Bispo lembra vítimas de violência doméstica e exorta a que se avisem as autoridades
A Celebração da Sagrada Família, domingo, na Catedral, em Bragança, marcou, também, o encerramento do Jubileu 2025, com o bispo de Bragança-Miranda, D. Nuno Almeida, a lembrar as vítimas de violência doméstica.
“Hoje, mais do que falar de crise da família, apontemos para a crise do relacionamento conjugal entre homem e mulher que, atualmente, enfrenta inéditas e profundas dificuldades. Existe sim uma profunda crise do matrimónio. Por exemplo: sintoma eloquente desta crise são as vítimas de violência doméstica. Neste momento mais de 6000 vítimas usam o “botão de pânico” que podem acionar para avisar as autoridades em caso de perigo. Mais de 1000 reclusos encontram-se nas prisões por crimes de violência doméstica. De janeiro até ao final de setembro de 2025, houve 18 mortos em contexto de violência doméstica, dos quais 16 eram mulheres e dois homens. A polícia, neste mesmo período, registou 25.327 ocorrências de violência doméstica, o valor mais alto dos últimos sete anos.
Estamos perante uma inquietante “epidemia” dos nossos tempos, que a todos responsabiliza: Igreja, Estado e cada um de nós. Se tenho conhecimento de abusos ou violência doméstica não posso ficar indiferente. É preciso avisar as autoridades!”, exortou o bispo de Bragança-Miranda.
O prelado falava na homilia da eucaristia de domingo, solenidade da Sagrada Família, que marcou o encerramento do Jubileu 2025.
“Convocado pelo Papa Francisco através da bula ‘Spes non confundit’ (A esperança não engana), o Ano Santo encerra-se este domingo nas dioceses de todo o mundo. O 27.º Jubileu ordinário da história da Igreja Católica, iniciado na Noite de Natal de 2024, terá a sua conclusão a 6 de janeiro de 2026, no Vaticano, sob a presidência do Papa Leão XIV, com o fecho da Porta Santa na Basílica de São Pedro.

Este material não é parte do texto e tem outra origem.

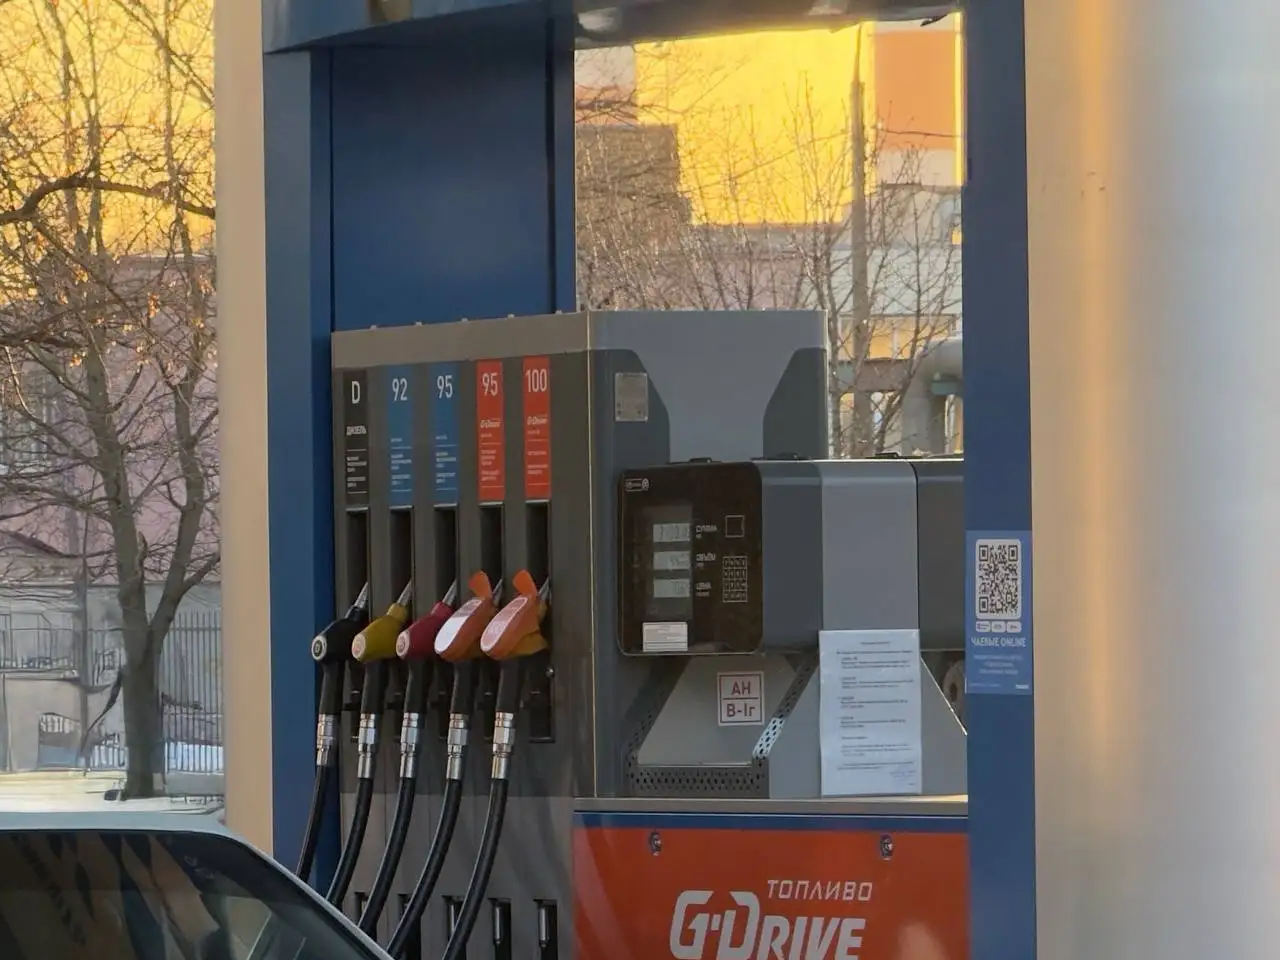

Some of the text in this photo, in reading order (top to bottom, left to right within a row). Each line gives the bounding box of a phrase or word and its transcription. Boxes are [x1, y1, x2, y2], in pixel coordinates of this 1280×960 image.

[351, 380, 361, 404] D
[391, 377, 408, 401] 92
[436, 374, 453, 399] 95
[481, 371, 498, 397] 95
[525, 368, 548, 393] 100
[767, 879, 873, 901] ТОПЛИВО
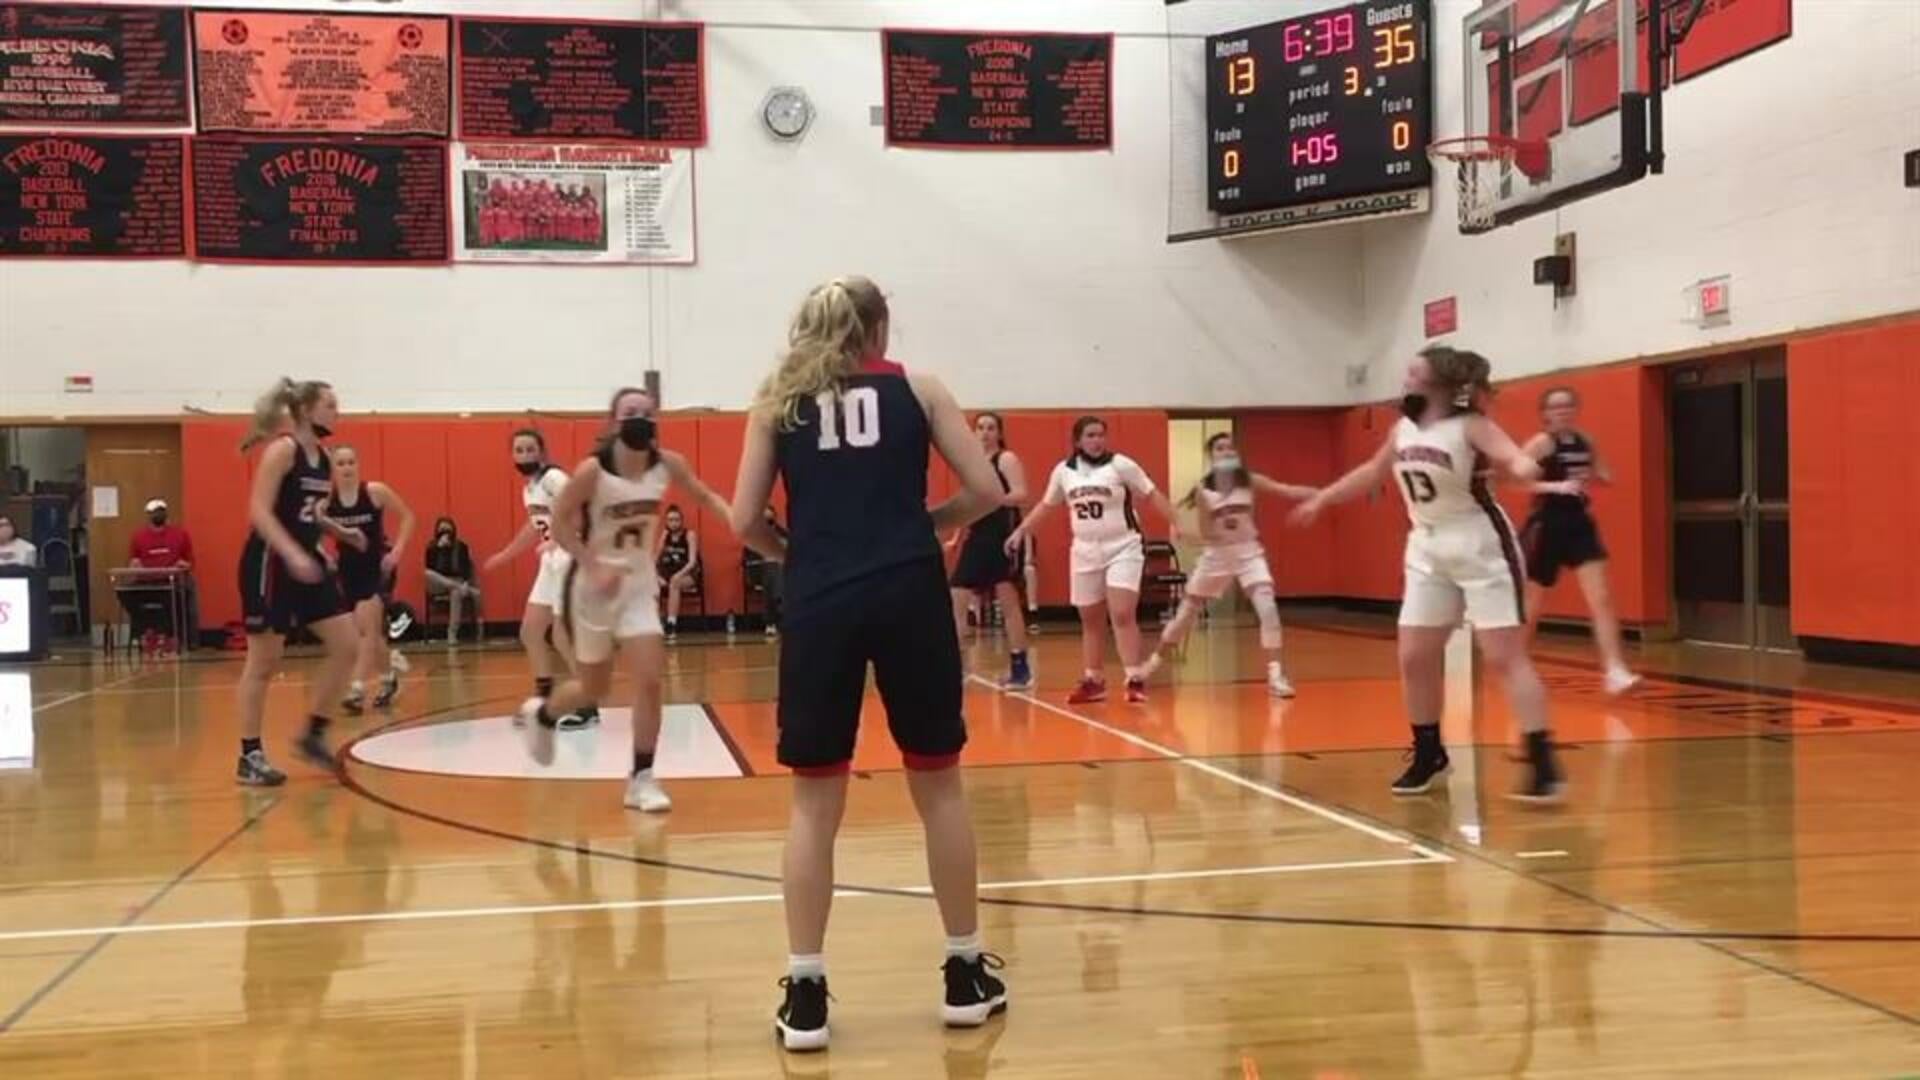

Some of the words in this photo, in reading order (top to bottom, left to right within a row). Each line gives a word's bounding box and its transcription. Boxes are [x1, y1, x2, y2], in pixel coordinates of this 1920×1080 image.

[1284, 13, 1353, 62] 6:39
[1373, 24, 1415, 68] 35
[1215, 39, 1249, 58] Home
[970, 71, 1029, 84] BASEBALL
[1229, 57, 1255, 95] 13
[982, 101, 1018, 113] STATE
[969, 116, 1032, 129] CHAMPIONS
[1393, 121, 1409, 151] 0
[2, 139, 106, 175] FREDONIA
[1224, 150, 1239, 178] 0
[260, 147, 379, 188] FREDONIA
[21, 177, 87, 192] BASEBALL
[289, 186, 354, 199] BASEBALL
[21, 194, 48, 208] NEW
[56, 194, 87, 208] YORK
[289, 201, 317, 213] NEW
[321, 201, 355, 214] YORK
[36, 211, 72, 225] STATE
[304, 215, 342, 228] STATE
[20, 228, 91, 241] CHAMPIONS
[816, 387, 880, 450] 10
[1401, 470, 1437, 503] 13
[1074, 501, 1104, 520] 20

Nesta importante celebração, ilumina-nos a Primeira Leitura com um extrato sapiencial retirado do Livro de Ben Sira (ou Eclesiástico) (3,2-6.12-14), e que nos convida ao amor dedicado aos nossos pais, sempre e em todas as circunstâncias, para que o Senhor ponha sobre nós o seu olhar de bondade”, lembrou o bispo de Bragança-Miranda, D. Nuno Almeida, na sua homilia.

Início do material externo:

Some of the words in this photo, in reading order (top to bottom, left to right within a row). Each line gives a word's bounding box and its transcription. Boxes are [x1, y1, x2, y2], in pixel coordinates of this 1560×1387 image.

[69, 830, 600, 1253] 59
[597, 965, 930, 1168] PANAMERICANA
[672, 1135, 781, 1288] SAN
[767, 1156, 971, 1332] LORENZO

“Na Segunda Leitura, o Apóstolo Paulo, na Carta aos Colossenses (3,12-21), exorta esposos, pais e filhos ao amor mútuo, mostrando ainda de que sentimentos nos devemos vestir por dentro e de que melodias devemos encher a nossa boca e o nosso coração. Salta à vista que a misericórdia, a bondade, a humildade, a mansidão, a longanimidade, o amor e o perdão são vestes importantes para a festa, mas não se compram nem vendem por aí nos saldos. De resto, vê-se bem que andamos todos bem vestidos por fora, mas andamos muitas vezes nus, desleixados e sujos … por dentro! E é para aqui que aponta a exortação de S. Paulo, acrescentando depois, a Palavra de Deus, como fonte de sabedoria muito necessária para instruir, aconselhar e dar graças”, sublinhou o Prelado.